SHAP values are in the same units as the model output (for XGBoost these are in log odds).
Model and data#
XGBoost model was trained on all of the data (no test set used). The 10 features in the model are:
Arrival-to-scan time: Time from arrival at hospital to scan (mins)
Infarction: Stroke type (1 = infarction, 0 = haemorrhage)

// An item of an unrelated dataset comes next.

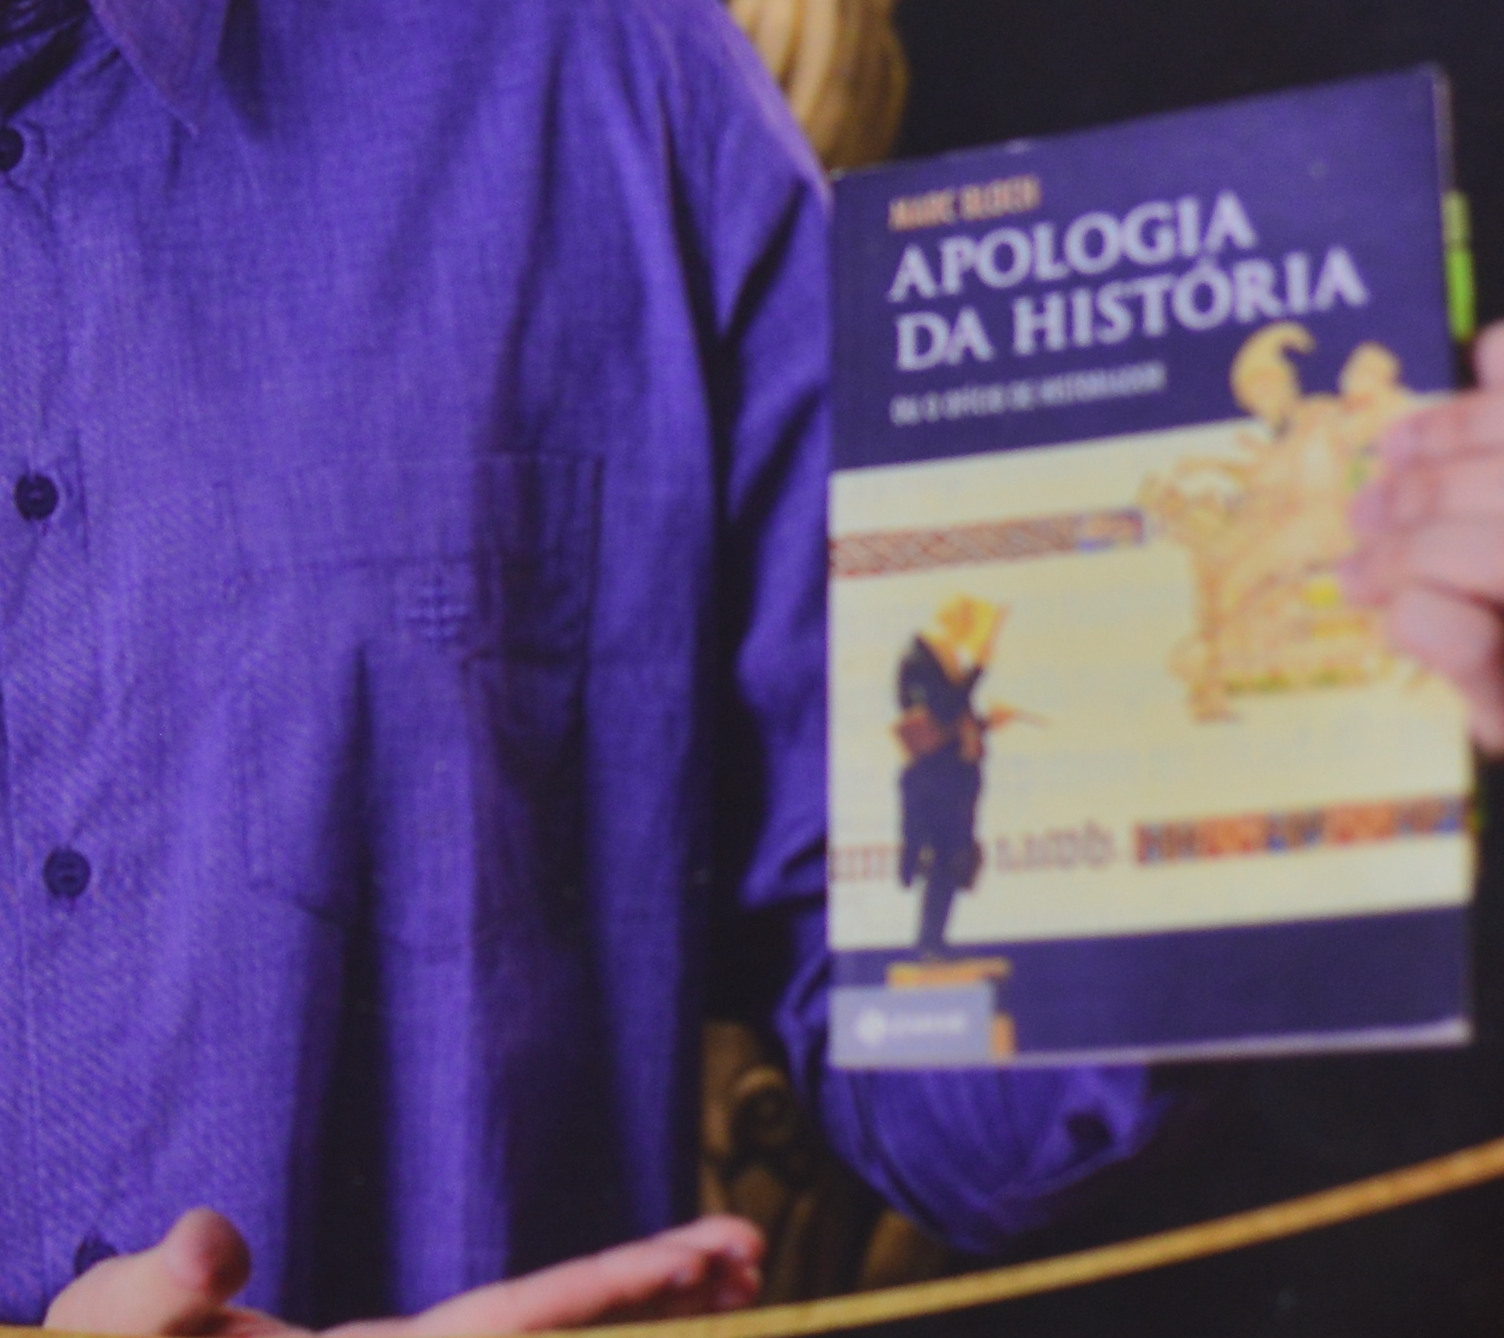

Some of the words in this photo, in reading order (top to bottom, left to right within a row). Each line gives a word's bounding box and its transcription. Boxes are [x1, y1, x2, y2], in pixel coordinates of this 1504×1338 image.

[888, 191, 1256, 302] APOLOGIA
[896, 307, 993, 370] DA
[1012, 246, 1368, 356] HISTÓRIA

Stroke severity: Stroke severity (NIHSS) on arrival
Precise onset time: Onset time type (1 = precise, 0 = best estimate)
Prior disability level: Disability level (modified Rankin Scale) before stroke
Stroke team: Stroke team attended
Use of AF anticoagulents: Use of atrial fibrillation anticoagulant (1 = Yes, 0 = No)
Onset-to-arrival time: Time from onset of stroke to arrival at hospital (mins)

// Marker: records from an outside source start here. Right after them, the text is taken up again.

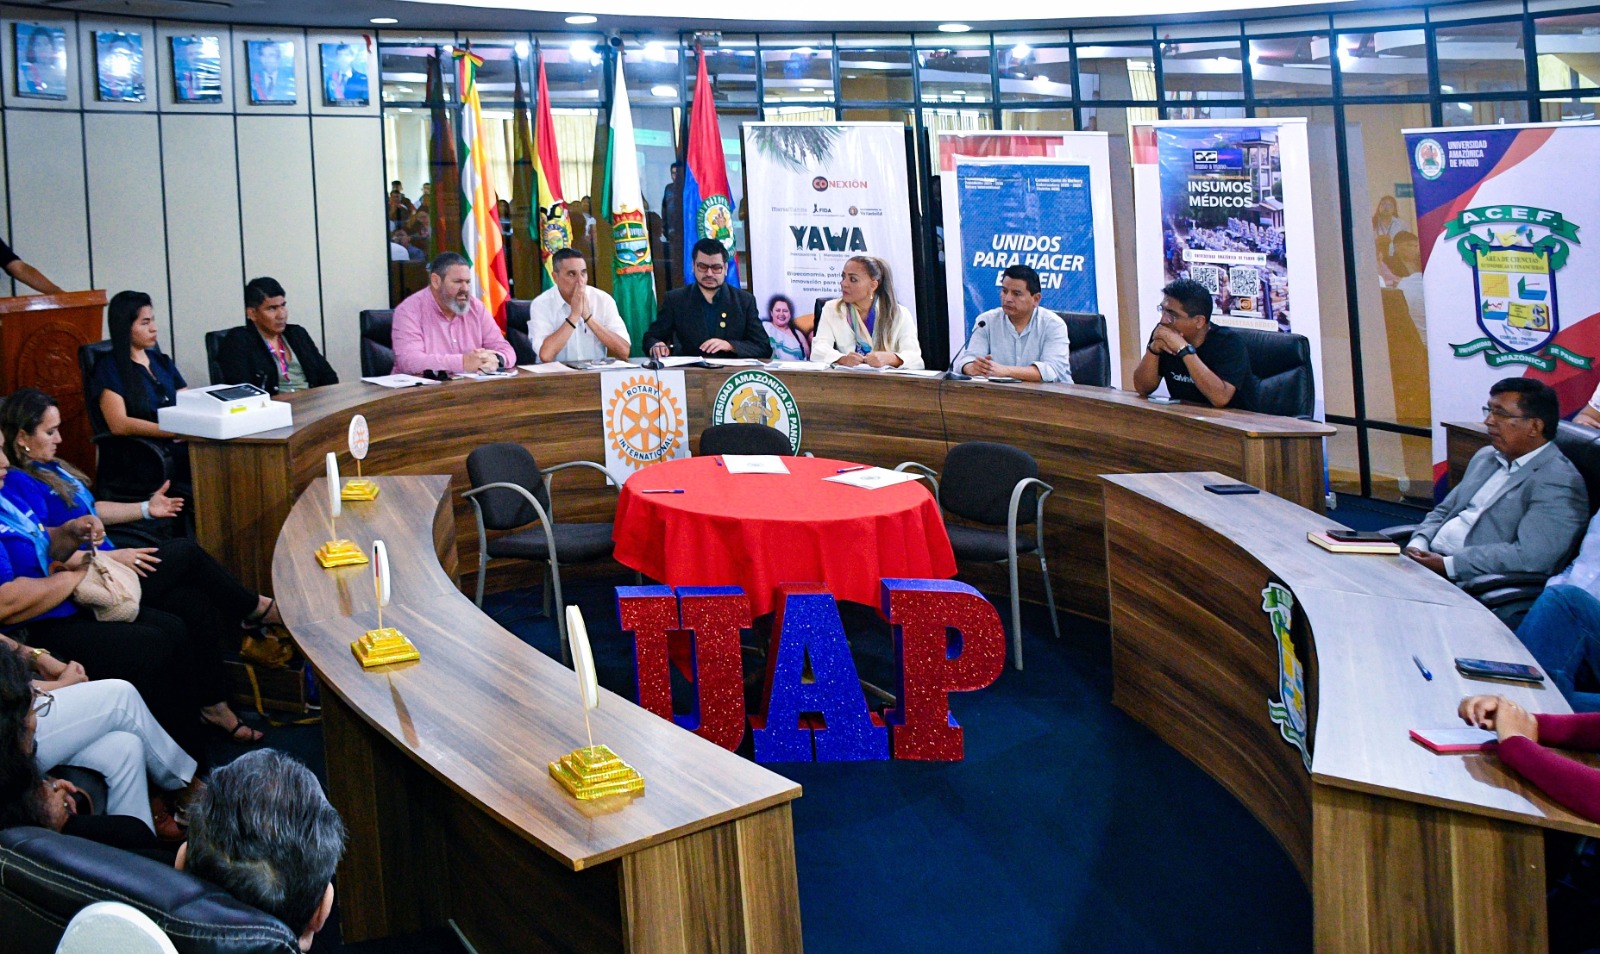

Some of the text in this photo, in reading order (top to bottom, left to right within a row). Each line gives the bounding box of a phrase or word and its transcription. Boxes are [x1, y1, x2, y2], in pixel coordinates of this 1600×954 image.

[1448, 140, 1488, 149] UNIVERSIDAD
[1448, 149, 1484, 158] AMAZÓNICA
[1450, 159, 1479, 167] DE PANDO
[1188, 182, 1252, 193] INSUMOS
[1189, 194, 1253, 208] MÉDICOS
[1463, 208, 1557, 225] A.C.E.F.
[789, 226, 867, 252] YAWA
[992, 234, 1062, 252] UNIDOS
[973, 252, 1084, 271] PARA HACER
[1040, 273, 1063, 289] EN
[1560, 349, 1584, 365] PANDO
[626, 386, 659, 397] ROTARY
[716, 383, 734, 425] ERSIDAD
[734, 374, 786, 401] AMAZÓNICA
[785, 401, 795, 415] DE
[619, 438, 673, 460] INTERNATIONAL
[614, 578, 1006, 762] UAP

Onset during sleep: Did stroke occur in sleep?
Age: Age (as middle of 5 year age bands)
And one target feature:
Thrombolysis: Did the patient receive thrombolysis (0 = No, 1 = Yes)
Aims#
Fit XGBoost model using feature data (no test set) to predict whether patient gets thrombolysis
Calculate the SHAP values of the features
Understand the relationship between SHAP values and feature values for each feature (using violin plots, histograms and descriptive text about the impact (in odds) that a change in feature value has on the likelihood of receiving thrombolysis)
Observations#
Stroke type: The SHAP values for stroke type show that the model effectively eliminated any probability of receiving thrombolysis for non-ischaemic (haemorrhagic) stroke.
Arrival-to-scan time: The odds of receiving thrombolysis reduced by about 20 fold over the first 100 minutes of arrival to scan time.
Stroke severity (NIHSS): The odds of receiving thrombolysis were lowest at NIHSS 0, increased and peaked at NIHSS 15-25, and then fell again with higher stroke severity (NIHSS above 25). The difference between minimum odds (at NIHSS 0) and maximum odds (at 15-25) of receiving thrombolysis was 30-35 fold.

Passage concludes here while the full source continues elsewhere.